Sunday, June 25, 2006

In shops tomorrow: 26/6

Singles

Radio 1 playlisting and sepulchral Top Of The Popsness notwithstanding, Guillemots' Made Up Love Song #43 doesn't seem the most obvious candidate for summer anthem status, what with its jazz leanings, clashing time signatures and kitchen sink of a production - live aficionados will recognise MC Lord Magrao getting the power drill out at the end. It's still a great, passionate, mad but it might just work and it has song, and we can report the album treads the same obtuse path to the same effect. As you'll see from the sidebar, wherever it's gone, we were interested in Fyfe when he was nothing, so buying this would make us feel very slightly smug. Just along the fractured pop greatness scale we find Green Gartside, still as honeyed as ever but scaled down to semi-minimal DIY production. Of course, when you sound like Green Gartside all DIY motives are relative, which is why The Boom Boom Bap finds him in as affecting a mode as when he was having hits. The kids, of course, prefer their shambolically wry Londoners these days, but even here we're dealt well with the sub-150 second indiepop cyncicism of Larrikin Love's Downing Street Kindling. As with a couple of other recent cases, though, we can't help but feel that this should really be their chance to leap over the popularity parapet rather than languish in occasional radio play as it seems to be doing.

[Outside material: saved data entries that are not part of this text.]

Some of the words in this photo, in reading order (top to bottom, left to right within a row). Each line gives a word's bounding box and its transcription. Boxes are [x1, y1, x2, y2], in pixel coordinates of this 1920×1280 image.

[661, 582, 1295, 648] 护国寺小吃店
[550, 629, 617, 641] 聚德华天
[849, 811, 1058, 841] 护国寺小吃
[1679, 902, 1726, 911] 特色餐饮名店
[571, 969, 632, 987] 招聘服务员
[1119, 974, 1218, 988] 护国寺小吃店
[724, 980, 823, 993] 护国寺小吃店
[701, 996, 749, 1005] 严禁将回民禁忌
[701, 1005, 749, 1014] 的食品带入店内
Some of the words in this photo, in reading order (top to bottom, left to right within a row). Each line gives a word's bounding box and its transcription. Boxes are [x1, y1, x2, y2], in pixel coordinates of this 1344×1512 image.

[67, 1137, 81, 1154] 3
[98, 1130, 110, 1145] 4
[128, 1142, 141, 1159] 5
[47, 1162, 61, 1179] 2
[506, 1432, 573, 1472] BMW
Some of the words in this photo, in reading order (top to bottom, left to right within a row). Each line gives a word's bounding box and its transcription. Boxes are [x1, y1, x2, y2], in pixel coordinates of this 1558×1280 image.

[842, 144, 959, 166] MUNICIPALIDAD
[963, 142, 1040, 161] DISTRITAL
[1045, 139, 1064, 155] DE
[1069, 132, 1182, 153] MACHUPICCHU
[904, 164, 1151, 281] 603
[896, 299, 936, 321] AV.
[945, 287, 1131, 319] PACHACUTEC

Unlinkable 7"s, finally, and while Broken Social Scene find not that much single potential on their current album so go for what's best and stick out Fire Eye'd Boy (video, not for those who don't like talking over the song) ruffled Medway scene singer-songwriter Kid Harpoon debuts on Brikabrak Records, also home of Sunny Day Sets Fire and thus a label we've got to watch, with The River, The Ocean, The Pearl EP. Lead track Riverside has a video. You may notice the female lead, who appears first about 50 seconds in, bears a striking resemblance to a well known if not that loved BBC youth presenter. There's a good reason for that.

Albums

After a slow first few months of 2006 the really, really great albums are coming thick and fast now. iLiKETRAiNS' Progress Reform is admittedly technically a seven track mini-album, but it's astonishing. Think Sigur Ros in their louder moments after a few hours in the library reference section and with an even more baritone Nick Cave on vocals, except such reaching for connections does little justice to the scope, majesty and thinking behind the record. Go and watch the video for A Rook House For Bobby to complement the one somewhere below for Terra Nova to see what we mean. Otherwise your poison for the week is all over the place. There's the Norwegian post-shoegazing glide of Serena Maneesh's self-titled debut, the oddball scatlogies of Kool Keith's The Return Of Dr Octagon - it's said this is an unofficial release of a scrapped album, but then when did you last trust Kool Keith's line of thinking - the continuation of fighting the good Scottish indie fight with the BMX Bandits' fourteenth album My Chain and the Norwegian Americana of William Hut's Days To Remember. Ian Dury and the Blockheads' New Boots And Panties!! should be in every collection, especially now it's half price. We've not had a themed Rough Trade compilation for a while, so good to see Singer Songwriter Vol.1 - none of them ever go to volume 2, do they? - and good to see they've stuck with the knowing mixed bag that typifies this series, featuring Elvis Costello's monumental I Want You, PJ Harvey's raging Dress, Tom Waits, Cat Power, Nick Cave, Robert Wyatt, Elliott Smith, Bright Eyes, Richard Thompson, Antony & The Johnsons, Nick Lowe, Mark Eitzel, Daniel Johnson, Kristin Hersh, Richard Hawley, Vic Chesnutt, Lou Barlow, Plush, James Yorkston and that.